Olivier Mouton

Marche arrière éthique, toute? La Belgique reste un modèle

Olivier Mouton Journaliste

Avortement, euthanasie, mariage homosexuel: en Espagne et en France, le conservatisme est de retour. Chez nous, le débat reste serein. Jusqu’à quand?

C’est comme si une page se tournait dans certains pays d’Europe. Chèrement acquises, des libertés éthiques fondamentales sont remises en question par les courants conservateurs en cette période de crise économique et sociale, mais aussi démocratique et morale.

En Espagne, le gouvernement, dirigé par le Parti populaire, se prépare à limiter fortement les possibilités d’avortement, réservant strictement ce droit aux viols et aux cas où la santé est menacée. Cette avancée éthique avait été obtenue par les socialistes à leur retour au pouvoir, craquant le carcan de quarante années de franquisme.

En France, à l’inverse, la majorité socialiste devrait élargir ce droit à l’avortement pour le mettre en conformité à la pratique, supprimant la notion de « femmes en situation de détresse ». Mais sur le mode espagnol, le mouvement très virulent qui s’était opposé au mariage pour tous entend désormais mener une nouvelle croisade pour le droit à la vie.

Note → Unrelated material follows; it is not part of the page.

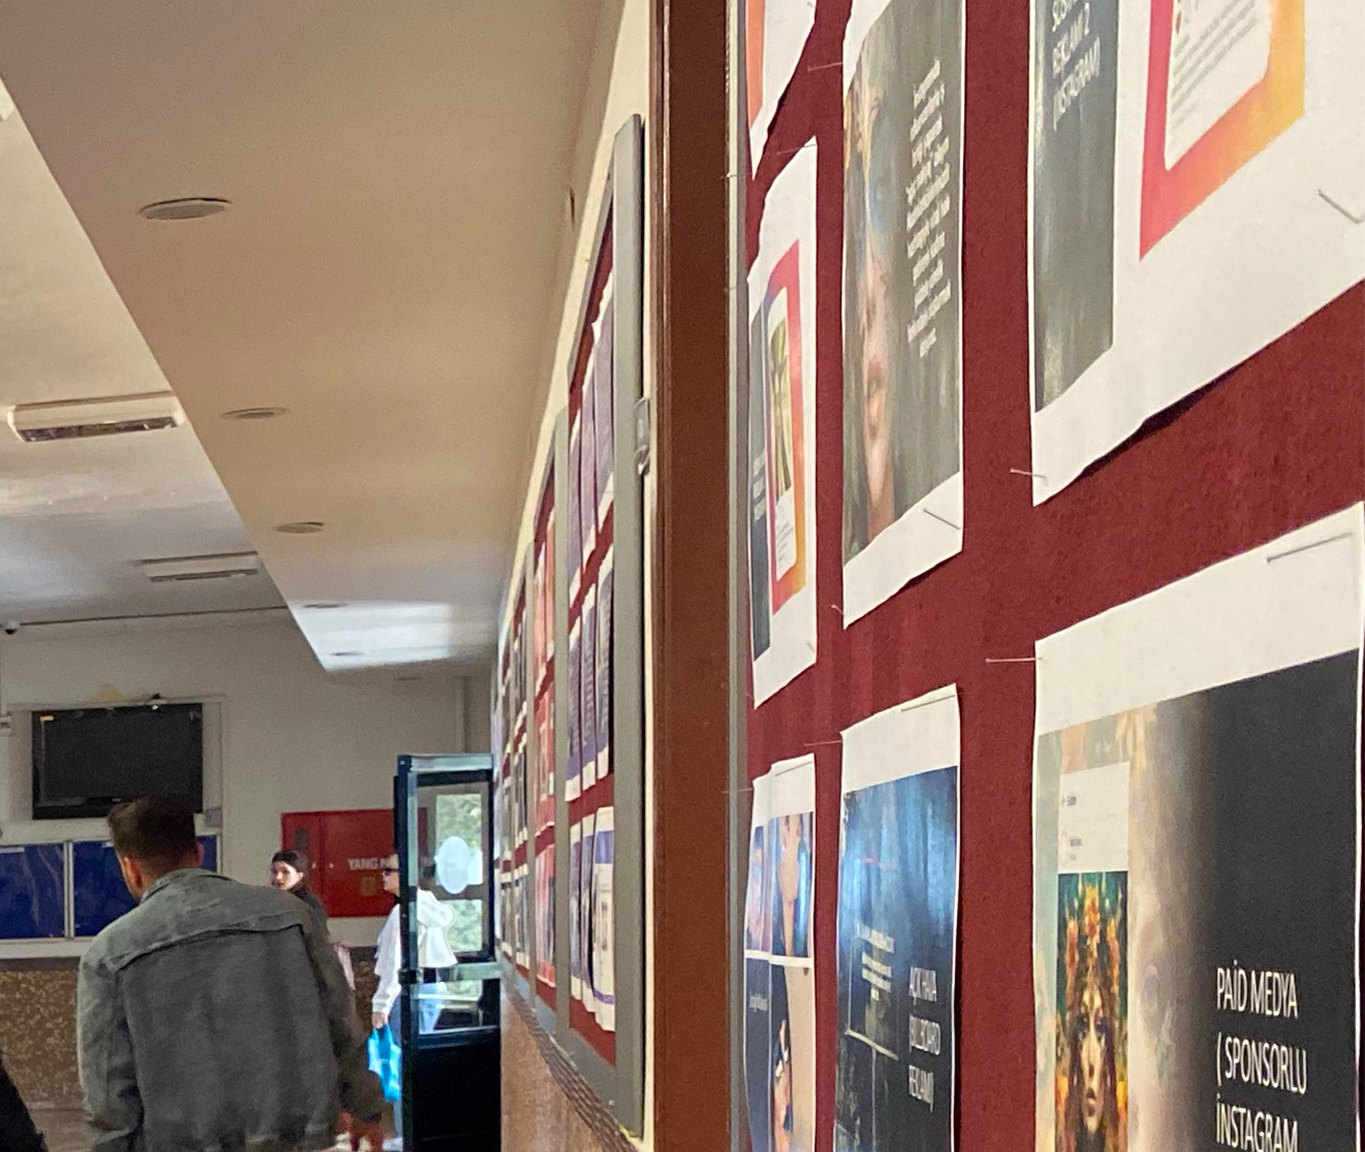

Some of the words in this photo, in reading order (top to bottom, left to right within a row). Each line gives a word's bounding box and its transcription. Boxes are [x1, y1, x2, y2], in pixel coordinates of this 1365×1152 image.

[1217, 959, 1247, 1012] PAİD
[1250, 969, 1298, 1020] MEDYA
[1224, 1036, 1308, 1095] SPONSORLU

Marquées par l’héritage libéral de mai 1968, nos sociétés sont à nouveau écartelées. Ils sont de plus en plus nombreux à dénoncer les dérives d’une dérégulation à outrance. Sur le plan économique, la révolution des années soixante a, il est vrai, laissé la voie libre au marché, menant le capitalisme sur des voies outrancières. Au niveau de la société, elle a modifié en profondeur le lien familial et placé les individus devant leurs propres responsabilités. Une gestion politique judicieuse de ces mutations profondes est plus que jamais nécessaire.

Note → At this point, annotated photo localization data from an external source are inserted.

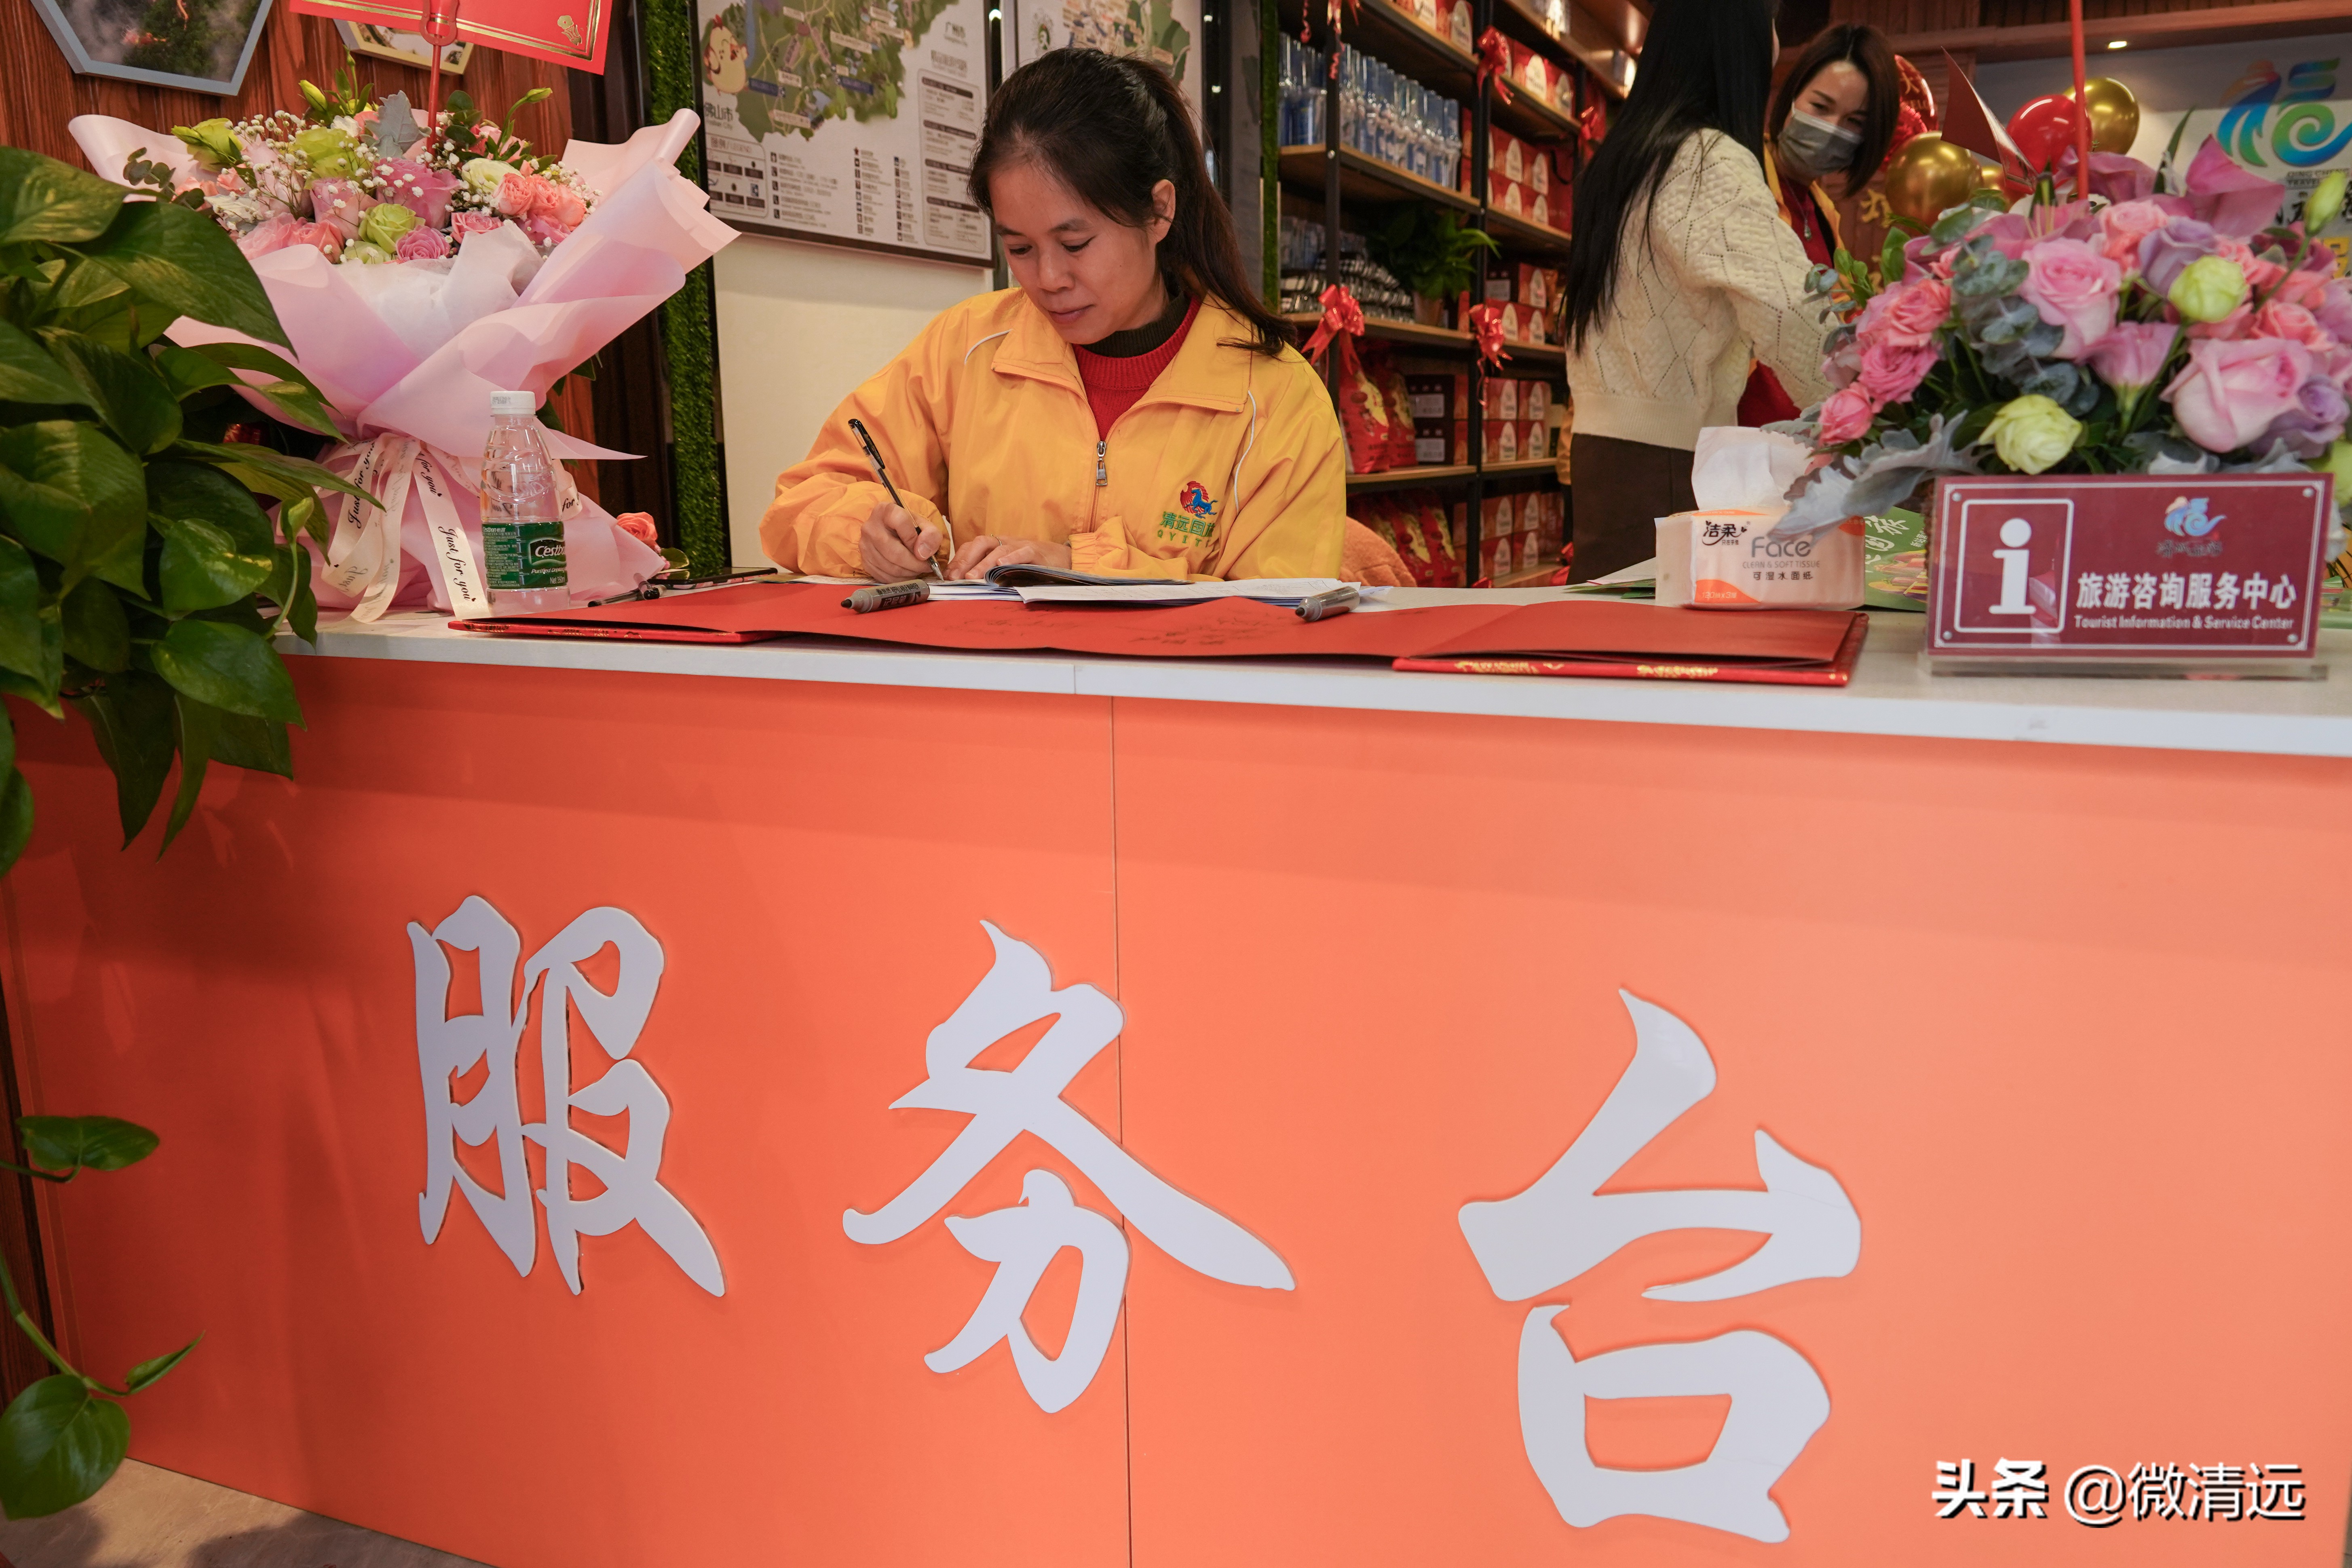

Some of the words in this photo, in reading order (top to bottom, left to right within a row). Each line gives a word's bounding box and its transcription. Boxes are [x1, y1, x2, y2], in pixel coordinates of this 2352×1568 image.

[363, 442, 376, 470] you
[416, 457, 432, 473] for
[421, 471, 438, 496] you
[562, 498, 575, 513] for
[438, 526, 458, 553] Just
[1702, 522, 1741, 539] 洁柔
[1751, 536, 1811, 558] Face
[446, 551, 467, 576] for
[1753, 571, 1814, 580] 可湿水面纸
[453, 577, 472, 601] you
[2075, 572, 2297, 610] 旅游咨询服务中心
[2074, 615, 2117, 629] Tourist
[2119, 615, 2191, 629] Information
[2192, 615, 2202, 629] &
[2204, 616, 2251, 629] Service
[2252, 616, 2294, 629] Center
[407, 895, 1862, 1543] 服务台

La liberté est un bien précieux. Mais la liberté, aussi, fait peur quand ceux qui en disposent ne savent pas la gérer à bon escient. En revenant sur des acquis éthiques de façon outrancière, les conservateurs se confrontent sans doute avec leurs propres démons. Ils ne font pas confiance à la maturité et à la sagesse de l’homme.

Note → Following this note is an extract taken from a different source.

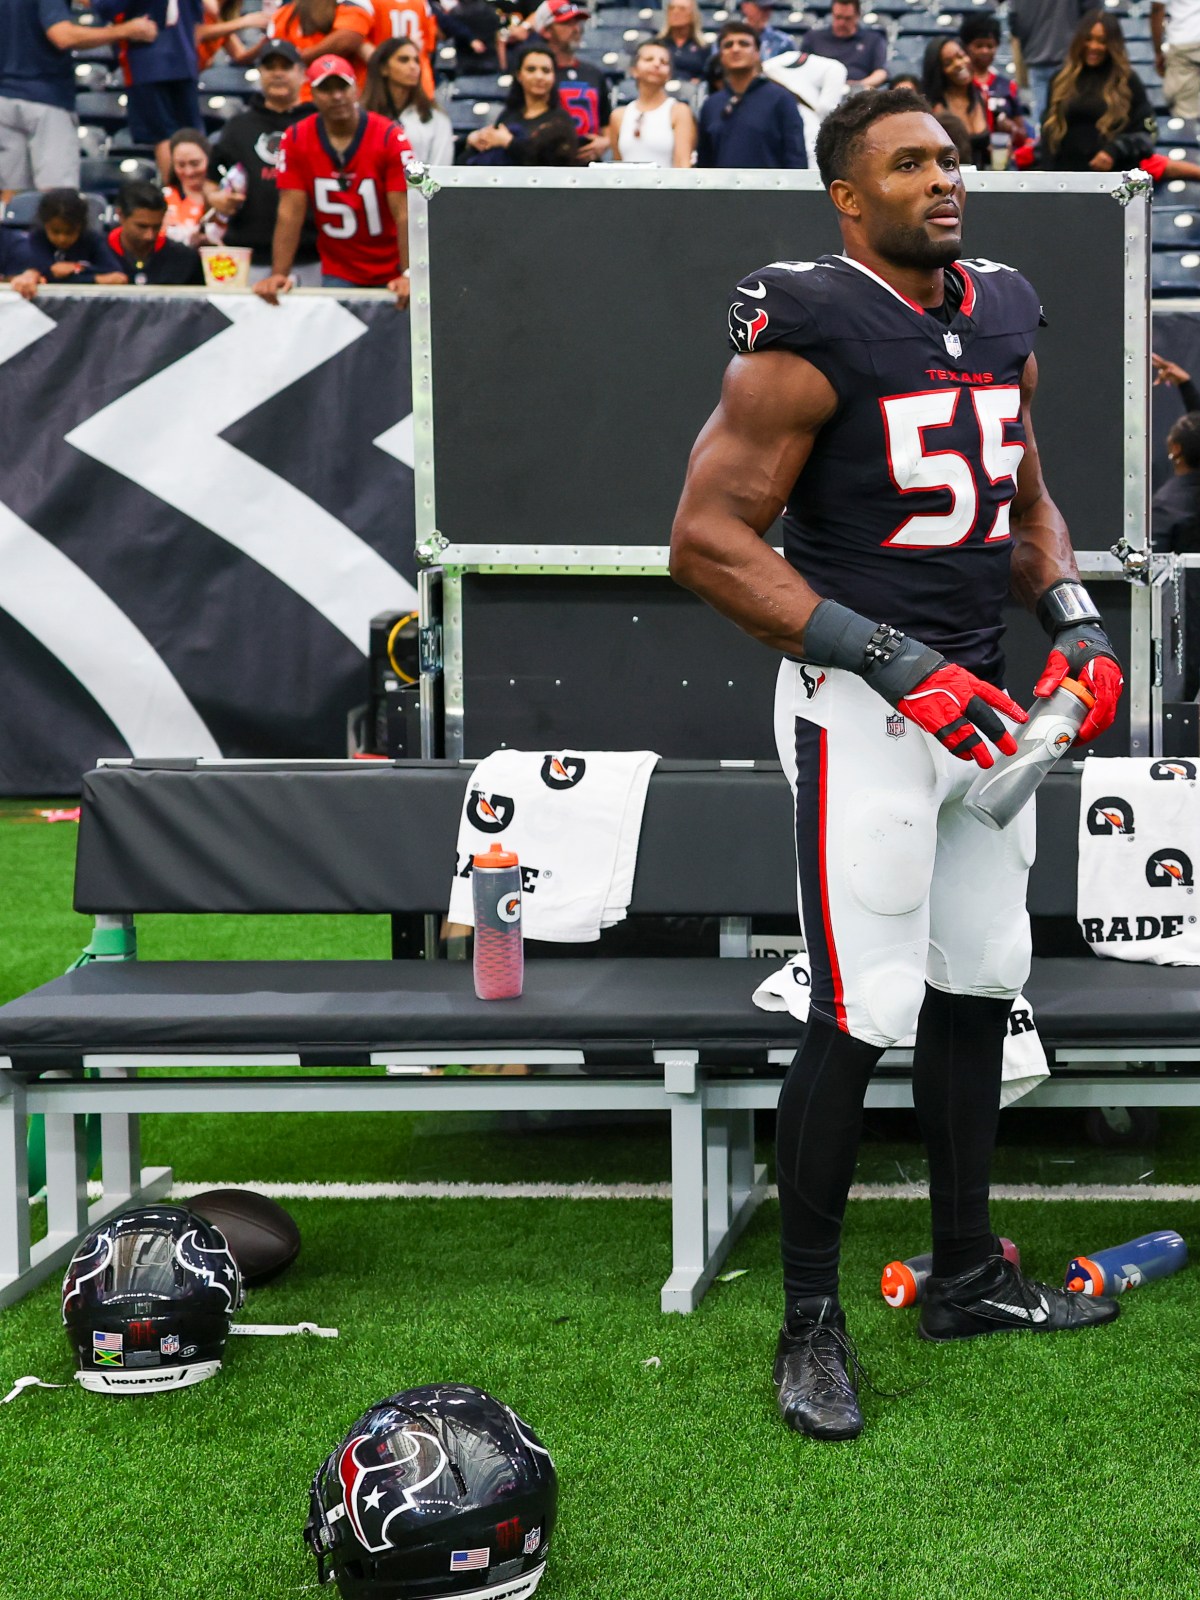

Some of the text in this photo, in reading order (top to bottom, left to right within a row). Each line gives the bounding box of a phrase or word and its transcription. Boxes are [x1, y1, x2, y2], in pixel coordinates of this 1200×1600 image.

Le déclin des partis chrétiens
En Belgique, le débat est heureusement plus serein. Notre pays est un modèle en matière éthique depuis le début des années 1990, quand une majorité progressiste dirigée par Guy Verhofstadt a multiplié les avancées: mariage homosexuel, euthanasie… Avant cela, il faut s’en rappeler, une grave crise politique avait été nécessaire, marquée par l’interruption de règne du roi Baudouin, pour dépénaliser l’avortement. C’est dire que notre pays n’est pas à l’abri.

Le déclin des partis chrétiens explique sans aucun doute ces évolutions majeures. Sous cette législature encore, une majorité parlementaire alternative, sans le CD&V et le CDH, a étendu le droit à l’euthanasie aux mineurs d’âge. Les discussions parlement furent intenses, mais leur aboutissement n’a été contesté ouvertement par personne. Pas de pétitions incendiaires, ni de manifestations chaotiques dans les rues. Assez curieusement, cette réforme voulue par les libéraux et les socialistes a été rendue possible par les voix des nationalistes flamands, la N-VA témoignant à ce sujet d’une ouverture dont elle ne fait guère preuve dans d’autres domaines. Jusque quand?

Laboratoire de l’Europe, la Belgique reste un phare lumineux où la tolérance prédomine. Pour l’instant. Car notre pays n’est pas une île. Les résistances qui se font jour au sud du continent sont d’ores et déjà relayées chez nous et le retour du religieux, singulièrement dans les villes, pourrait infléchir les positions. Raison de plus pour gérer minutieusement les droits acquis, éviter les dérives libertaires et permettre à nos sociétés de vivre ses progrès de façon responsable.

Notre pays est riche de son consensus social, tant sur le plan socio-économique que sur le plan éthique. C’est ce sens de la modération qui lui permet d’affronter la tête haute les bourrasques de la crise tous azimuts que l’Europe traverse. A l’heure où certains remettent en cause les avancées du progrès, dans tous les domaines, seul ce bon sens permettra d’éviter les outrances de l’extrémisme. Et éteindre l’incendie de débats éthiques qui virent ailleurs à un dangereux affrontement.